Good advice, but not very practical when you’re the sitting governor of a state as dynamic as Alaska. In fact, my detractors in Juneau were already complaining that I had been away on the campaign trail for too long and had left the state “rudderless.”
Here was something else I didn’t understand. When I accepted the VP nod at the Republican National Convention in Minneapolis only a few month earlier, my voter approval rating in Alaska was at a staggering 85%. It meant that Alaskans from all political persuasions approved of the changes I spearheaded in the first year of my administration. And what was not to love? In that short amount of time we crushed the good-ol’-boy Republican Corrupt Bastards Club and ushered in a new era of bipartisan ethics reform. We broke the chokehold that Big Oil has had on our state politics since the first well was drilled in Prudhoe Bay, and we replaced its sweetheart tax structure with a clear and equitable formula for maximizing Alaska’s share of the returns. It’s our oil, after all; the oil giants might pump it, but they don’t own it. We also hammered out a framework for bringing North Slope natural gas south to energize the economies of both our state and the nation. We privatized the state-run dairy and put it on sound financial footing. And we broke ground for the new, privately owned state prison.
These were major accomplishments, and I was justifiably proud of them.
Yet, when I returned after the election, it was as thou
gh all of it had been forgotten. During the heat of the campaign, the national lamestream media had hurled buckets of hyper-partisan mud at me. Had my fellow Alaskans taken their lies for fact? The usually cordial Alaska press corps grew confrontational. My return also spurred the haters to spread new lies about me and my family. They took advantage of our reformed ethics laws to file a string of bogus ethics complaints against me. Some of these complaints were laughable, and all of them were false, false, false. Without exception they were tossed out of court, but in the meantime they compounded the stress I was under. And because the law required me to mount my own legal defense, my family was drowning in attorney fees.
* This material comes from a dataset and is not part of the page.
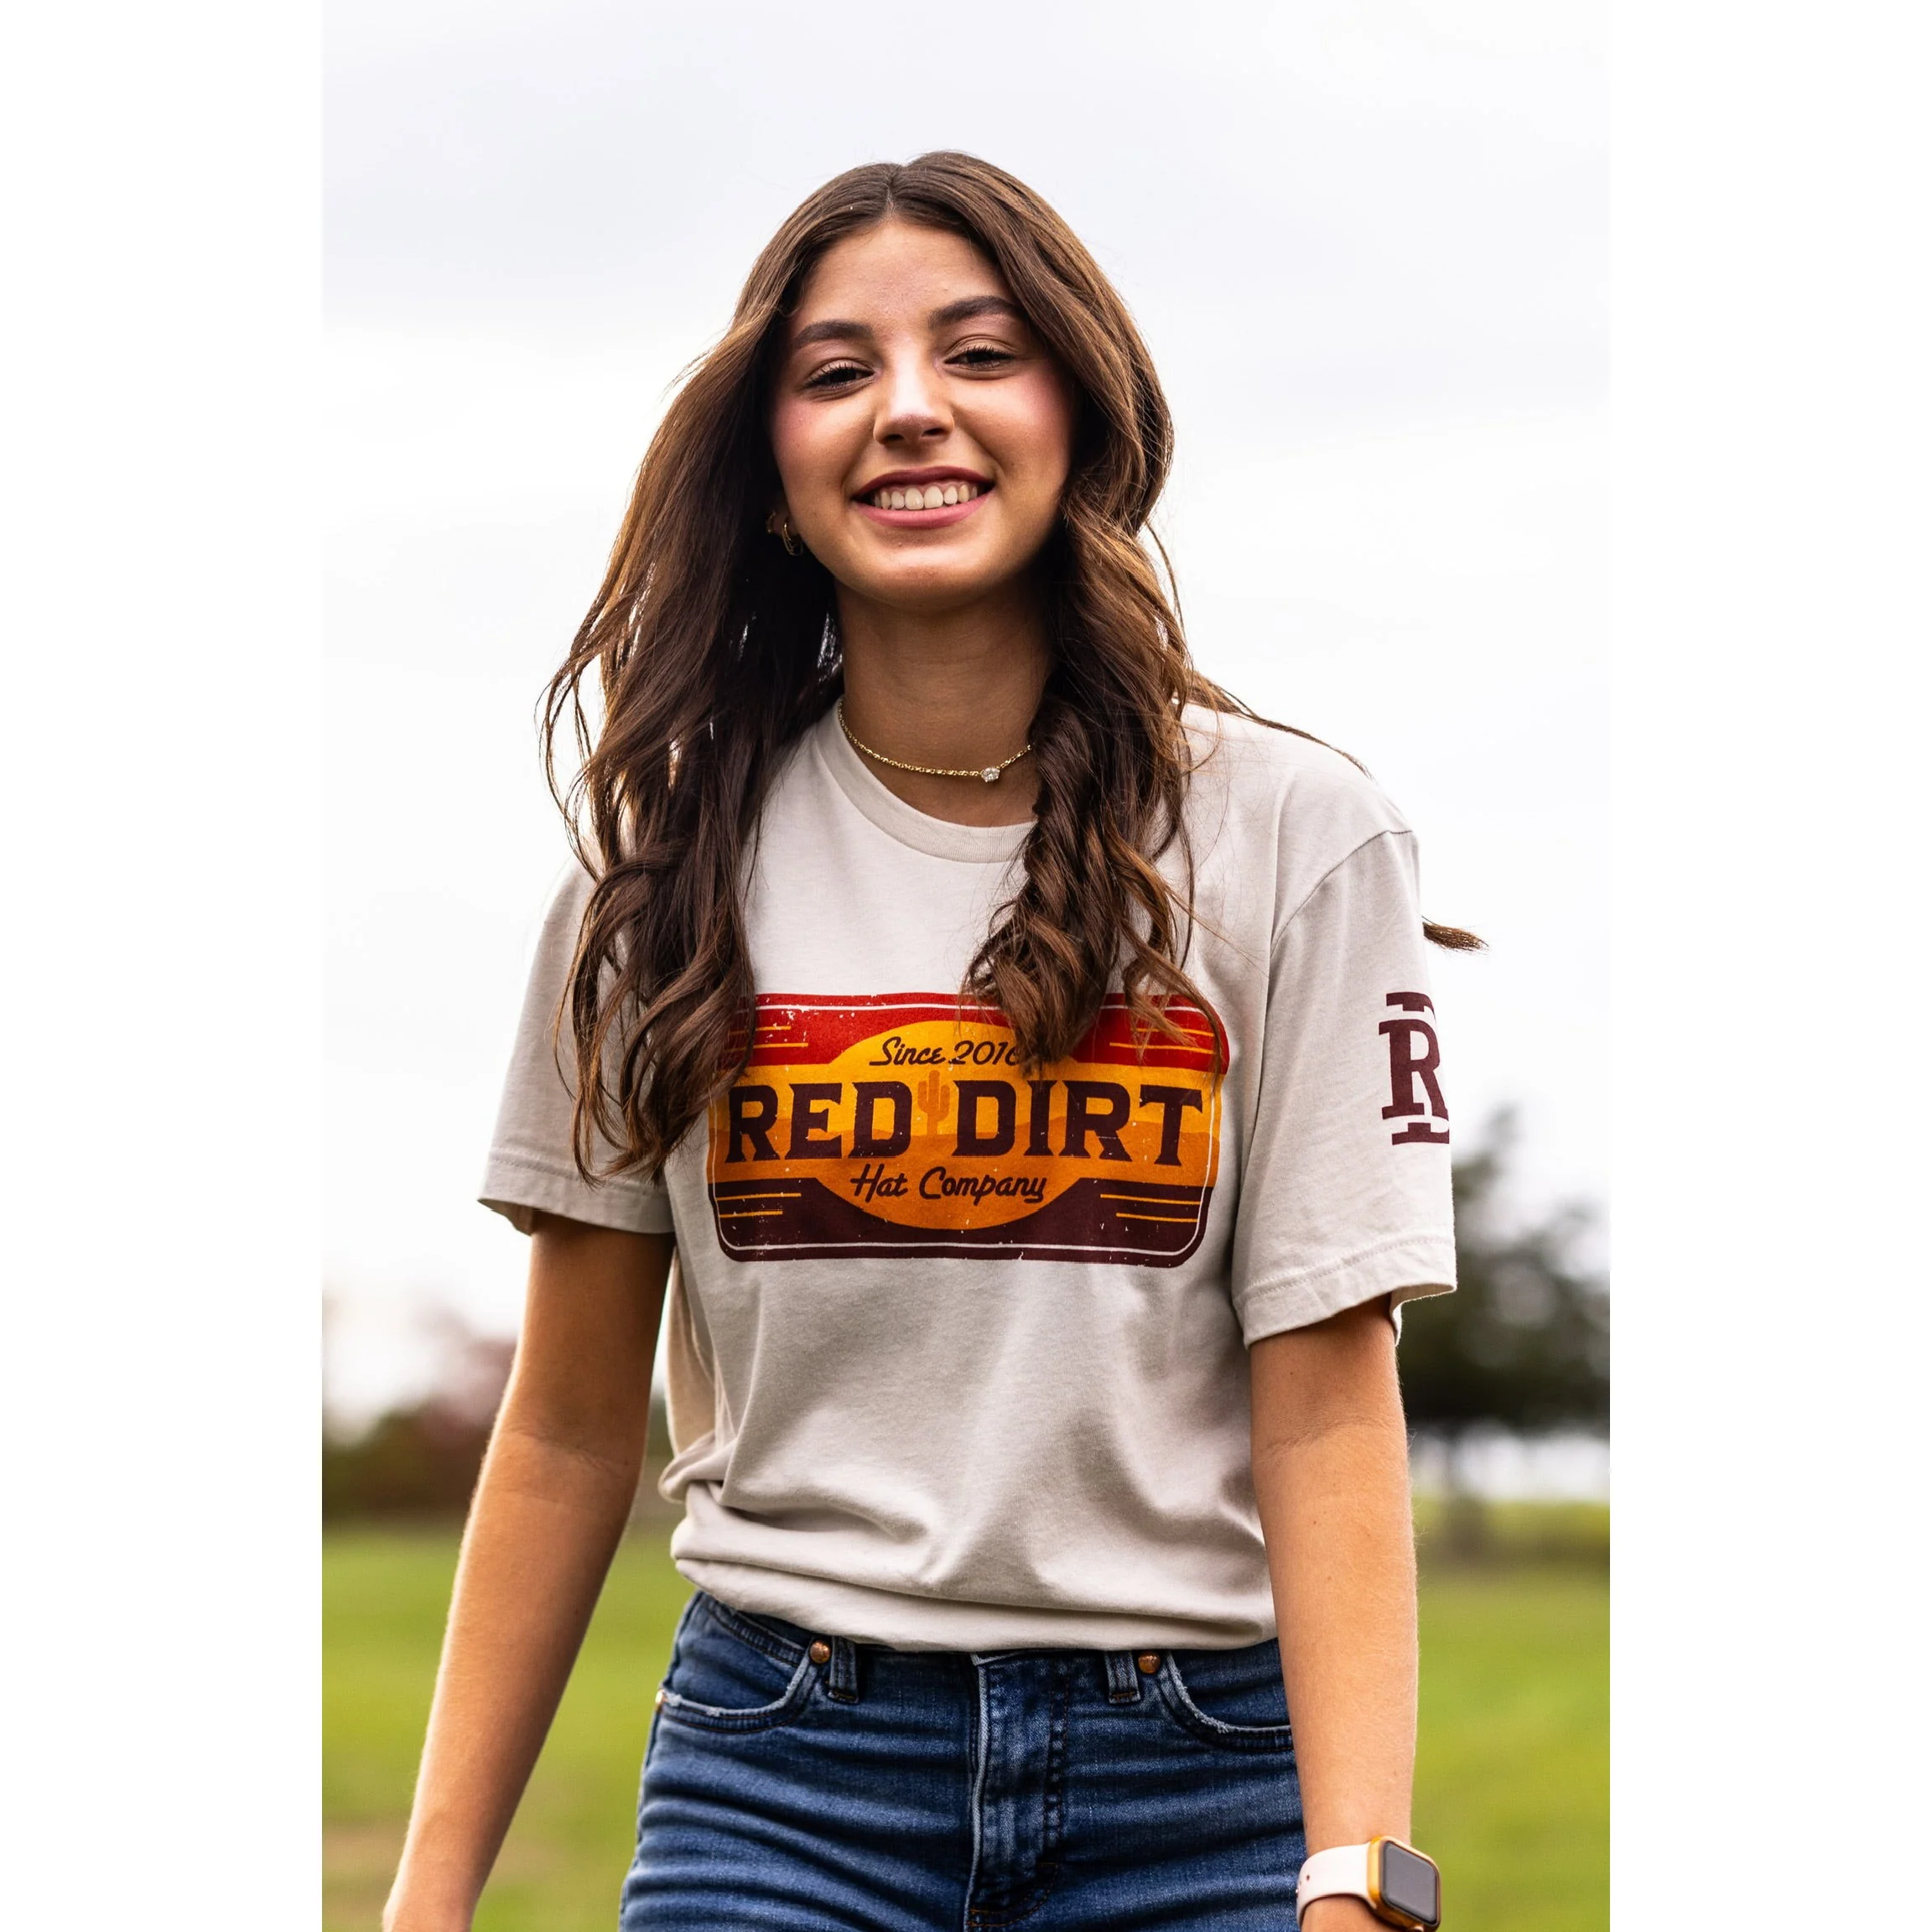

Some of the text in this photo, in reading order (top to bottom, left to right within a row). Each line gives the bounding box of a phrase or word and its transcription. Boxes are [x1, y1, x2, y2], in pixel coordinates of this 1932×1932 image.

[869, 1036, 947, 1066] Since
[725, 1079, 1202, 1166] RED DIRT
[850, 1163, 1047, 1206] Hat Company
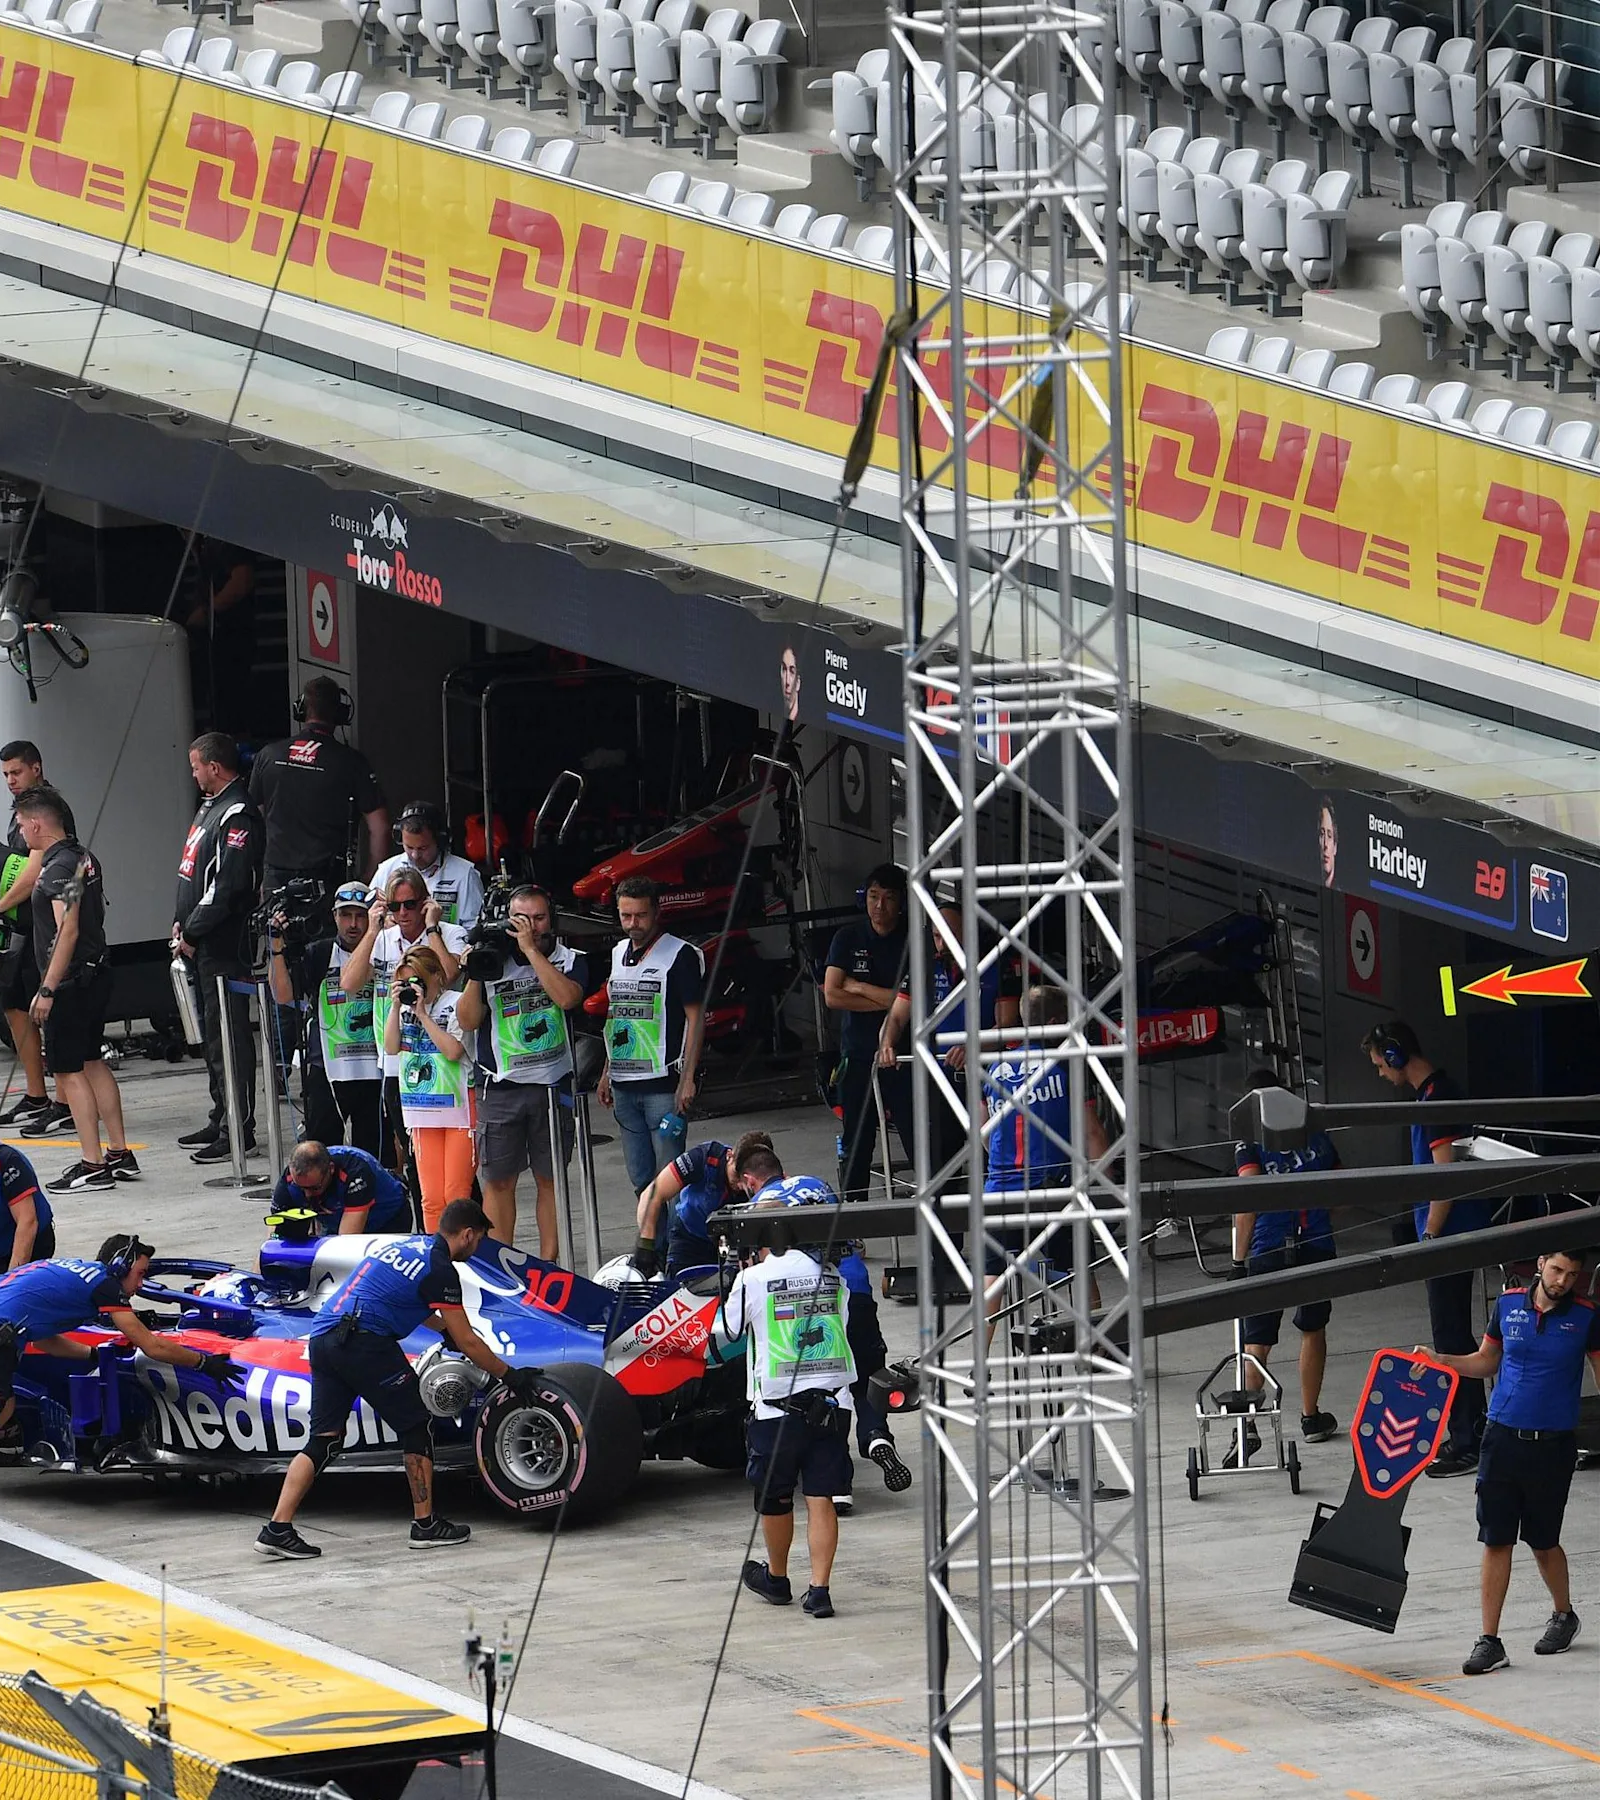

By June 2009, we were over a half-million dollars in hock to the lawyers. This bloodletting could not continue.
Things came to a head one day when my closest advisor, Kris Derry, made an offhand remark to me during a teleconference. She said, “At least we don’t have to worry about another campaign till you run for re-election.”
I was puzzled. We had never talked about taking another swing at national office. But then I realized she was talking about the next gubernatorial election.
But a second term as Alaska’s governor was the last thing on my mind. I wasn’t even sure I was capable of making it through my first term, which was less than half over at that point.
Kris’ innocent remark threw me into a tailspin, and for the next several weeks it was all I could do to get out of bed in the morning, let alone fire up enough enthusiasm to run a state.
I prayed, of course. Boy, did I pray. But looking back, I’m sure it sounded to the saints more like a three-year-old whining, “Why? Why? Why?” Finally, it got to be too much, and all I wanted was the whole mess to go away. Bradd knew what I was going through as much as anyone could, and he promised to stand by any decision I made, but even he was surprised on July 1, when I told him I was going to resign my office as governor. He insisted I give it some more time and offered to pray with me, but my mind was made up, and that very evening we broke the news to Taiga. She was as surprised and upset as her father. But it was my decision to make, and I made it. End of story.